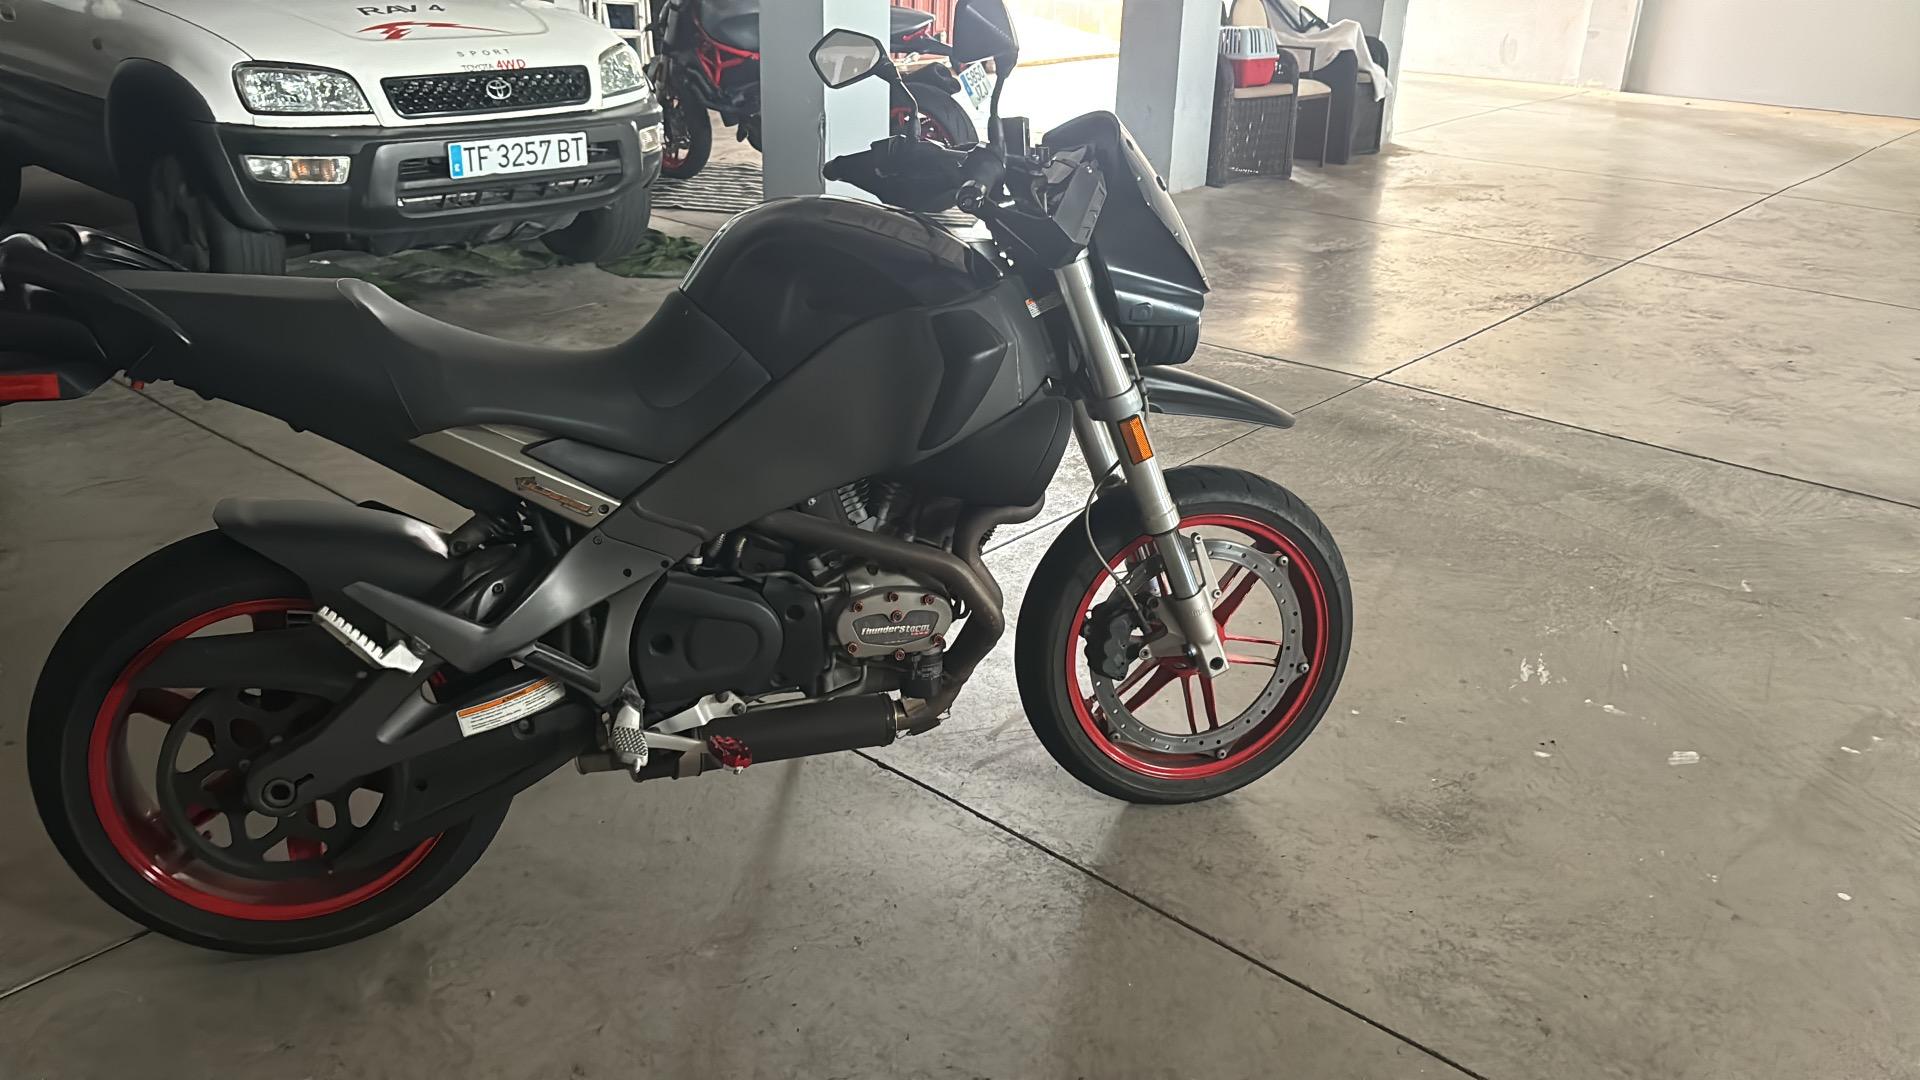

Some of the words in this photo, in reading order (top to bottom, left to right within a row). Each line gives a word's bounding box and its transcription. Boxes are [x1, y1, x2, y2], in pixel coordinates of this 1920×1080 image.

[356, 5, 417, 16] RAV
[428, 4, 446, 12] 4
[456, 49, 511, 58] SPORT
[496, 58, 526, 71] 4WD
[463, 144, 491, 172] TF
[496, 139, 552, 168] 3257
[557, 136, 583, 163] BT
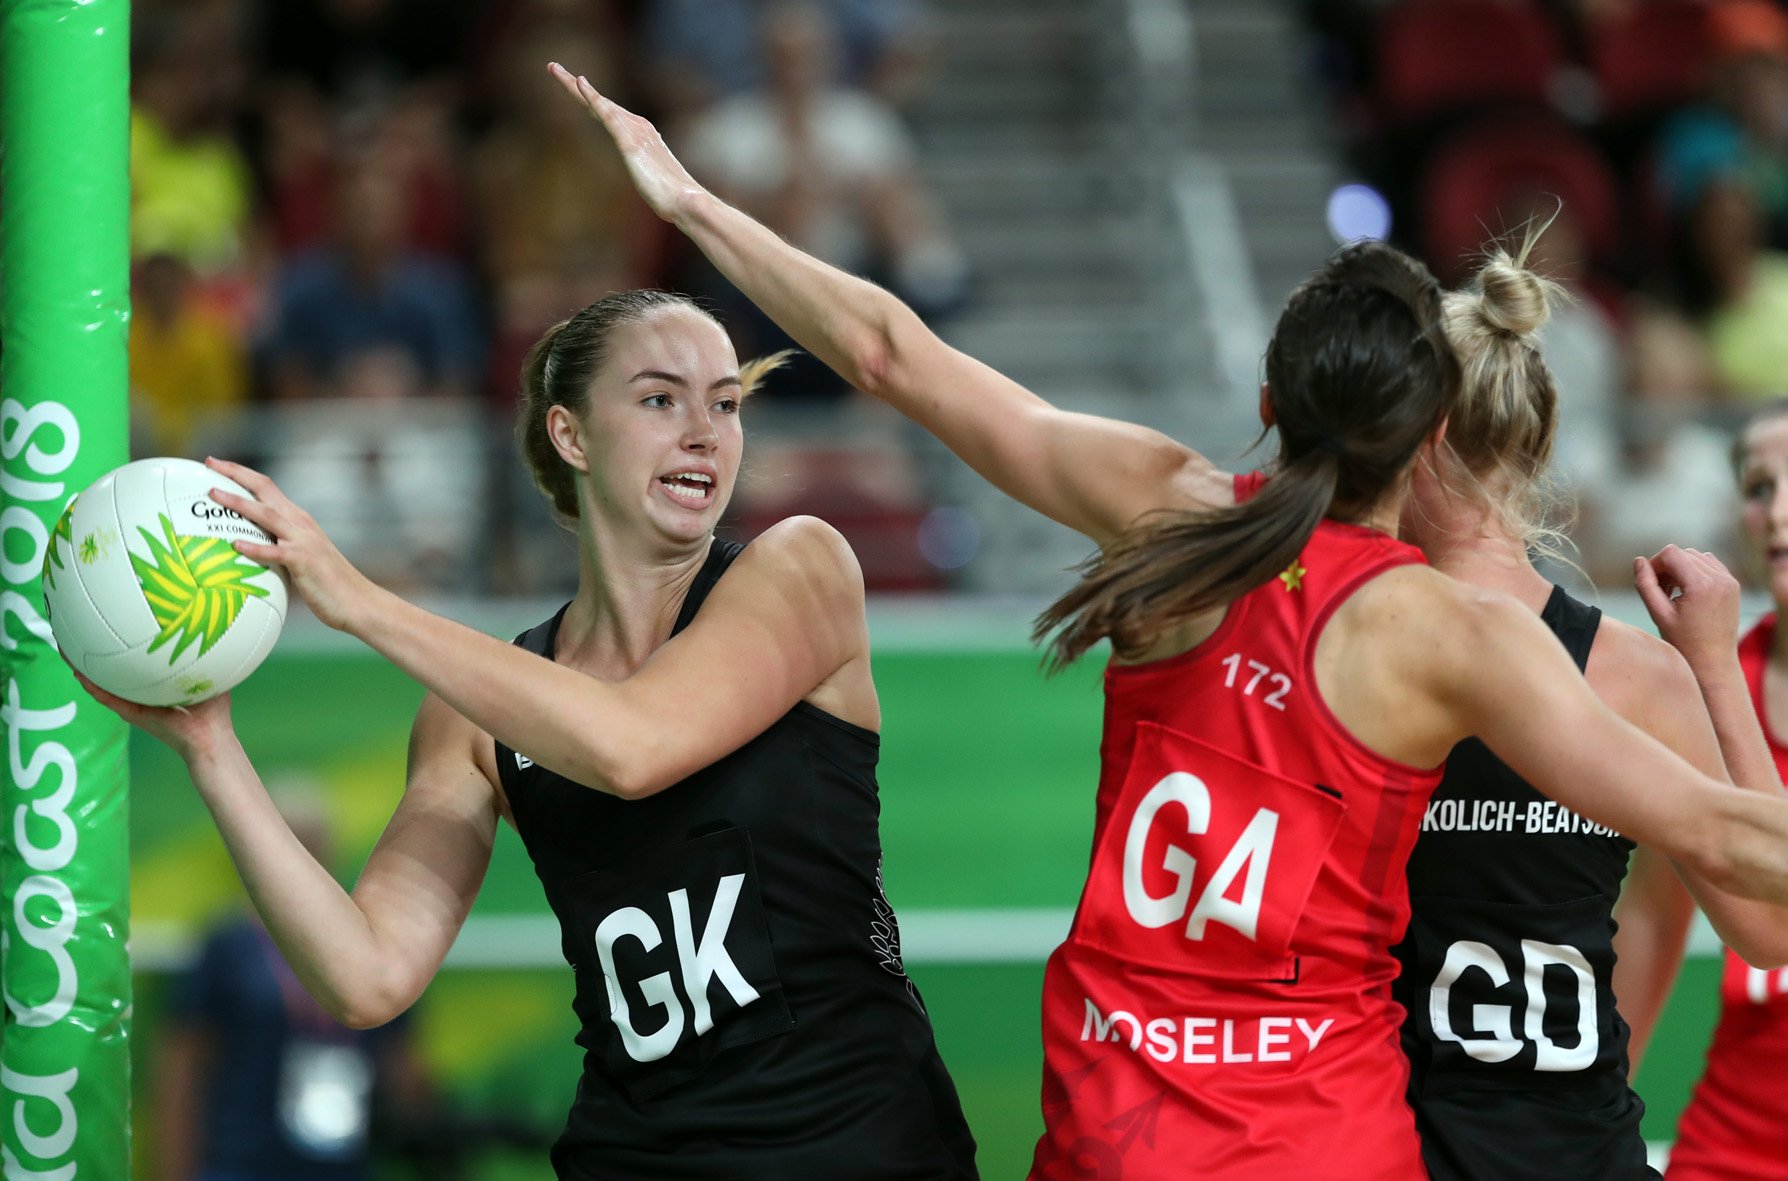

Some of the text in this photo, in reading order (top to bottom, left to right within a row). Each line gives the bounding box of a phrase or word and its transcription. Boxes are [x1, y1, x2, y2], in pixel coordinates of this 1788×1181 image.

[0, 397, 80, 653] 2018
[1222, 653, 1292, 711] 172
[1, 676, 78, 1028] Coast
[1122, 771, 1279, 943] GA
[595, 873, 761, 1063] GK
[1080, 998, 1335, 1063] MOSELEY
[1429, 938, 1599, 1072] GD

* [ASSIGNMENT]: Reproduce the listing exactly, images omitted.

* [WRITTEN RESPONSE]:
Some of the words in this photo, in reading order (top to bottom, left to right within a row). Each line gives a word's bounding box and its transcription. Boxes are [x1, y1, x2, y2], in pixel coordinates of this 1920×1080 image.

[356, 5, 417, 16] RAV
[428, 4, 446, 12] 4
[456, 49, 511, 58] SPORT
[496, 58, 526, 71] 4WD
[463, 144, 491, 172] TF
[496, 139, 552, 168] 3257
[557, 136, 583, 163] BT

Some of the text in this photo, in reading order (top to bottom, left to right within a row). Each line gives the bounding box of a phrase or word and its transcription. Boxes are [x1, y1, x2, y2], in pixel coordinates of this 1788×1181 image.

[0, 397, 80, 653] 2018
[1222, 653, 1292, 711] 172
[1, 676, 78, 1028] Coast
[1122, 771, 1279, 943] GA
[595, 873, 761, 1063] GK
[1080, 998, 1335, 1063] MOSELEY
[1429, 938, 1599, 1072] GD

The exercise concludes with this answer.